▶ [Required work]
Nothing in the records may be altered, and no picture may be included. Restate them in full.

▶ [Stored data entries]

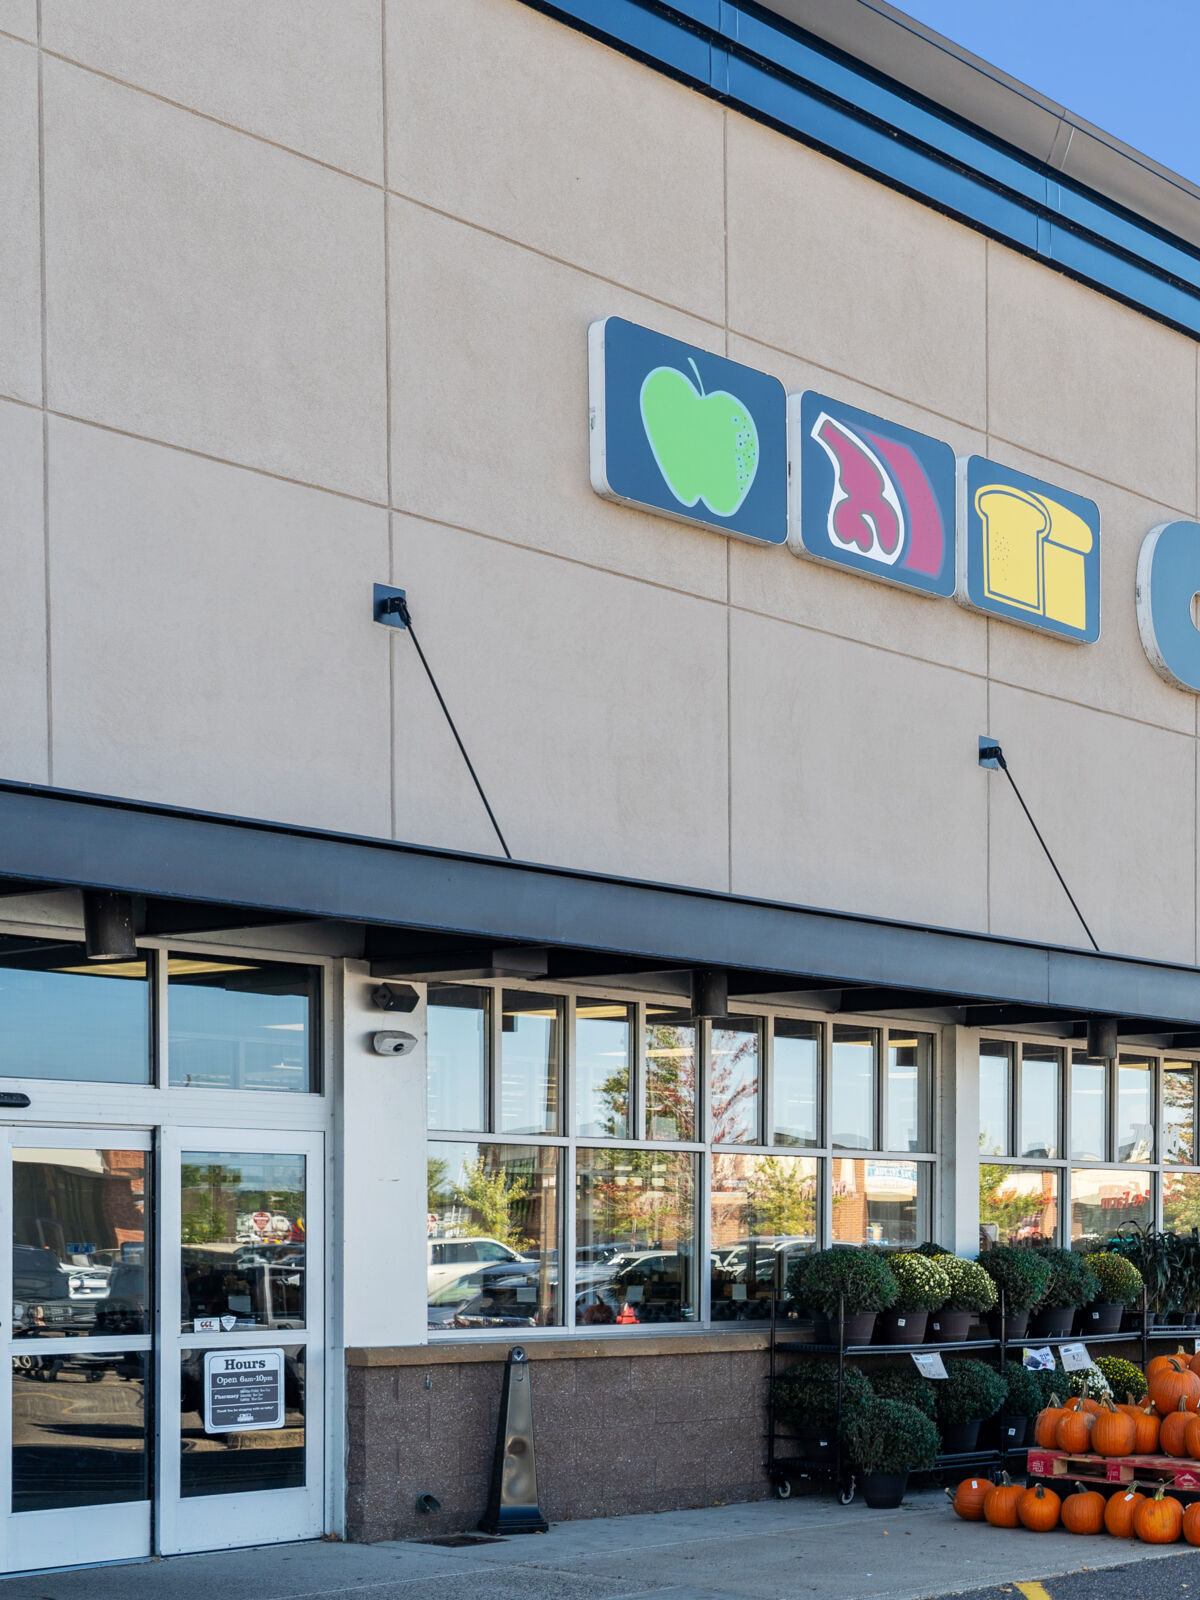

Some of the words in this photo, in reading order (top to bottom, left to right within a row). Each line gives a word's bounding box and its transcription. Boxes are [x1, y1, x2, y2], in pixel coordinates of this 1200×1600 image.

[224, 1359, 266, 1370] Hours
[216, 1376, 238, 1385] Open
[239, 1374, 273, 1383] 6am-10pm
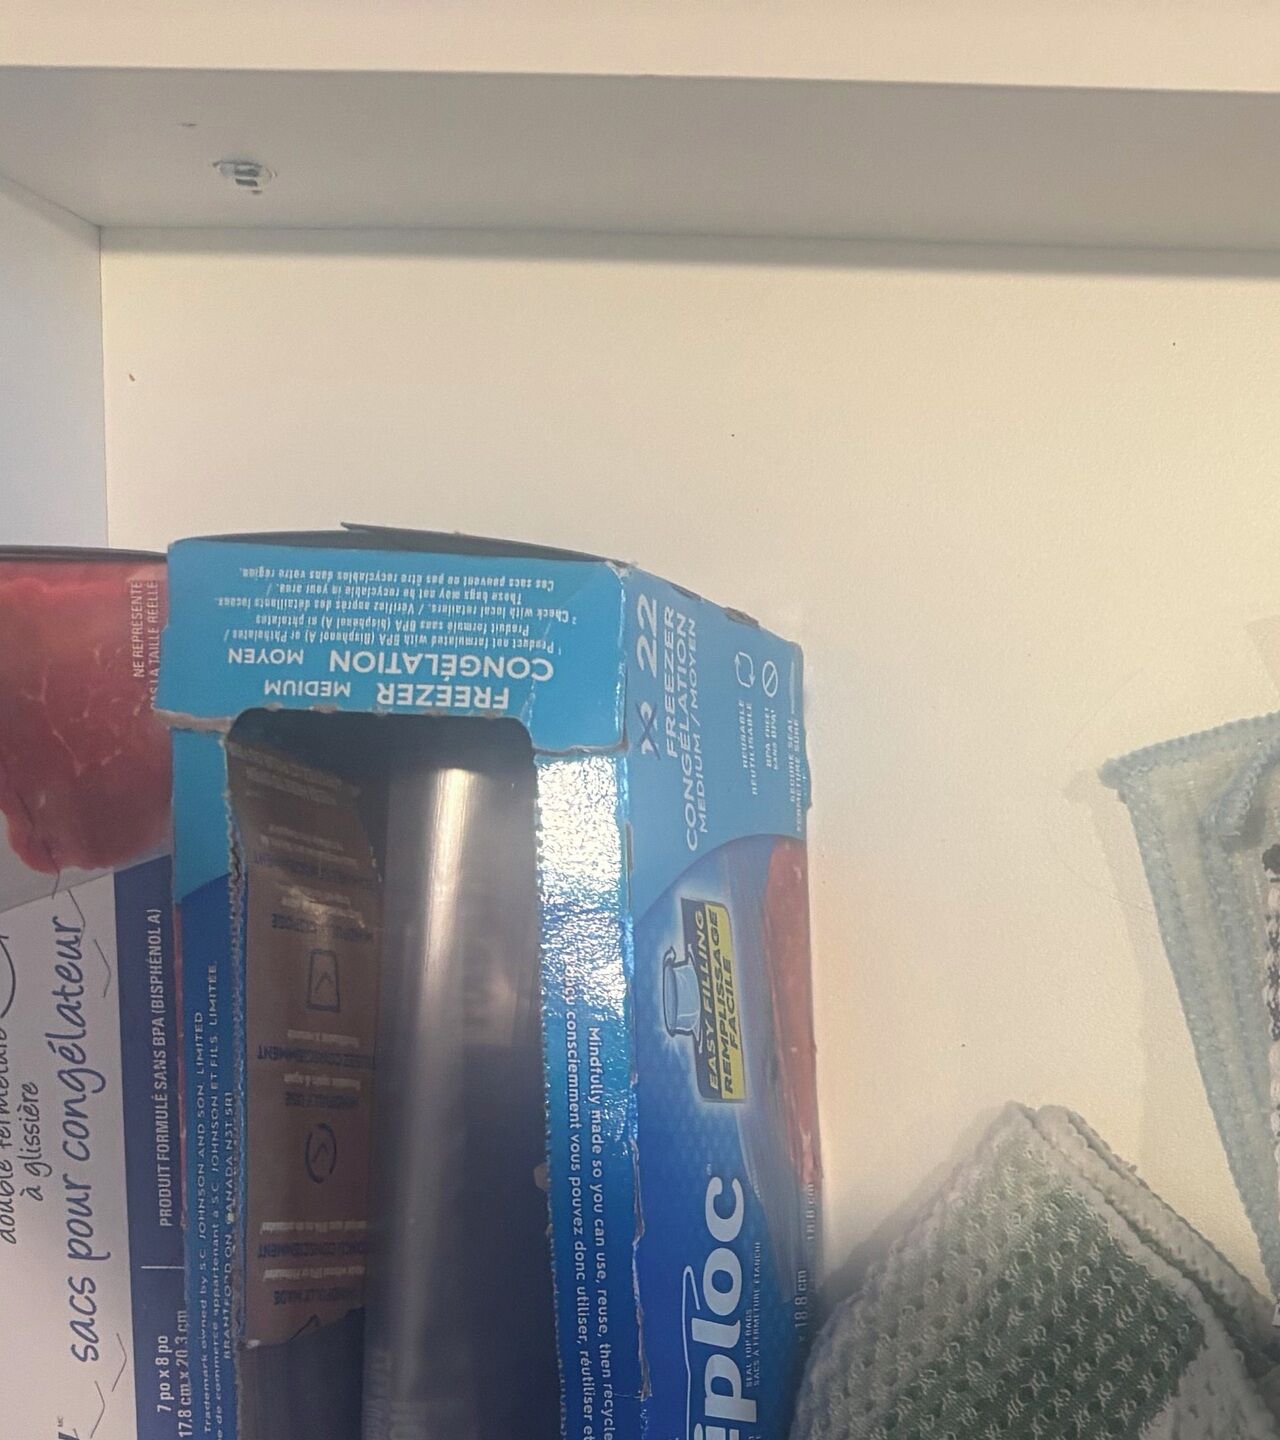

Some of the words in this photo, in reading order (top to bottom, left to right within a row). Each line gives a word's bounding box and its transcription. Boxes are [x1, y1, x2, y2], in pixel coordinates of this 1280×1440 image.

[481, 606, 506, 620] local
[491, 623, 529, 637] Produit
[509, 607, 533, 621] with
[538, 608, 570, 624] Check
[147, 627, 160, 664] TAILLE
[404, 634, 427, 648] with
[431, 634, 489, 651] formulated
[511, 638, 554, 654] Product
[636, 594, 657, 679] 22
[133, 660, 145, 678] NE
[228, 647, 304, 665] MOYEN
[330, 649, 554, 682] CONGÉLATION
[687, 617, 699, 709] MOYEN
[264, 679, 351, 699] MEDIUM
[376, 682, 509, 711] FREEZER
[662, 606, 681, 759] FREEZER
[675, 612, 698, 851] CONGÉLATION
[691, 734, 709, 833] MEDIUM
[146, 908, 163, 924] A)
[695, 910, 713, 1013] FILLING
[708, 908, 733, 1095] REMPLISSAGE
[722, 956, 739, 1050] FACILE
[44, 916, 106, 1160] congélateur
[151, 1017, 166, 1046] BPA
[194, 1011, 205, 1075] LIMITED
[152, 1049, 168, 1089] SANS
[565, 1011, 582, 1129] consciemment
[587, 1027, 603, 1104] Mindfully
[706, 1020, 719, 1090] EASY
[210, 1072, 218, 1090] ET
[16, 1081, 52, 1178] glissière
[151, 1093, 171, 1161] FORMULÉ
[197, 1124, 206, 1158] AND
[211, 1096, 219, 1172] JOHNSON
[591, 1109, 605, 1154] made
[569, 1133, 582, 1171] vous
[592, 1159, 603, 1177] so
[20, 1186, 43, 1201] à
[157, 1163, 174, 1226] PRODUIT
[197, 1163, 206, 1239] JOHNSON
[568, 1176, 584, 1235] pouvez
[589, 1183, 603, 1213] you
[61, 1174, 111, 1262] pour
[593, 1218, 605, 1246] can
[575, 1240, 589, 1281] donc
[593, 1251, 607, 1284] use,
[199, 1276, 209, 1294] by
[796, 1270, 808, 1291] cm
[67, 1276, 99, 1361] sacs
[199, 1300, 209, 1349] owned
[577, 1285, 592, 1344] utiliser,
[596, 1288, 609, 1337] reuse,
[154, 1356, 168, 1366] 8
[156, 1335, 173, 1354] po
[599, 1342, 612, 1378] then
[158, 1369, 170, 1379] x
[158, 1382, 175, 1400] po
[580, 1349, 597, 1420] réutiliser
[156, 1404, 172, 1413] 7
[179, 1383, 192, 1406] cm
[201, 1354, 212, 1434] Trademark
[214, 1405, 222, 1424] de

▶ [Exercise response]
Some of the words in this photo, in reading order (top to bottom, left to right within a row). Each line gives a word's bounding box and its transcription. Boxes are [x1, y1, x2, y2], in pixel coordinates of this 1200×1600 image.

[224, 1359, 266, 1370] Hours
[216, 1376, 238, 1385] Open
[239, 1374, 273, 1383] 6am-10pm

Some of the words in this photo, in reading order (top to bottom, left to right within a row). Each line gives a word's bounding box and its transcription. Boxes are [x1, y1, x2, y2], in pixel coordinates of this 1280×1440 image.

[481, 606, 506, 620] local
[491, 623, 529, 637] Produit
[509, 607, 533, 621] with
[538, 608, 570, 624] Check
[147, 627, 160, 664] TAILLE
[404, 634, 427, 648] with
[431, 634, 489, 651] formulated
[511, 638, 554, 654] Product
[636, 594, 657, 679] 22
[133, 660, 145, 678] NE
[228, 647, 304, 665] MOYEN
[330, 649, 554, 682] CONGÉLATION
[687, 617, 699, 709] MOYEN
[264, 679, 351, 699] MEDIUM
[376, 682, 509, 711] FREEZER
[662, 606, 681, 759] FREEZER
[675, 612, 698, 851] CONGÉLATION
[691, 734, 709, 833] MEDIUM
[146, 908, 163, 924] A)
[695, 910, 713, 1013] FILLING
[708, 908, 733, 1095] REMPLISSAGE
[722, 956, 739, 1050] FACILE
[44, 916, 106, 1160] congélateur
[151, 1017, 166, 1046] BPA
[194, 1011, 205, 1075] LIMITED
[152, 1049, 168, 1089] SANS
[565, 1011, 582, 1129] consciemment
[587, 1027, 603, 1104] Mindfully
[706, 1020, 719, 1090] EASY
[210, 1072, 218, 1090] ET
[16, 1081, 52, 1178] glissière
[151, 1093, 171, 1161] FORMULÉ
[197, 1124, 206, 1158] AND
[211, 1096, 219, 1172] JOHNSON
[591, 1109, 605, 1154] made
[569, 1133, 582, 1171] vous
[592, 1159, 603, 1177] so
[20, 1186, 43, 1201] à
[157, 1163, 174, 1226] PRODUIT
[197, 1163, 206, 1239] JOHNSON
[568, 1176, 584, 1235] pouvez
[589, 1183, 603, 1213] you
[61, 1174, 111, 1262] pour
[593, 1218, 605, 1246] can
[575, 1240, 589, 1281] donc
[593, 1251, 607, 1284] use,
[199, 1276, 209, 1294] by
[796, 1270, 808, 1291] cm
[67, 1276, 99, 1361] sacs
[199, 1300, 209, 1349] owned
[577, 1285, 592, 1344] utiliser,
[596, 1288, 609, 1337] reuse,
[154, 1356, 168, 1366] 8
[156, 1335, 173, 1354] po
[599, 1342, 612, 1378] then
[158, 1369, 170, 1379] x
[158, 1382, 175, 1400] po
[580, 1349, 597, 1420] réutiliser
[156, 1404, 172, 1413] 7
[179, 1383, 192, 1406] cm
[201, 1354, 212, 1434] Trademark
[214, 1405, 222, 1424] de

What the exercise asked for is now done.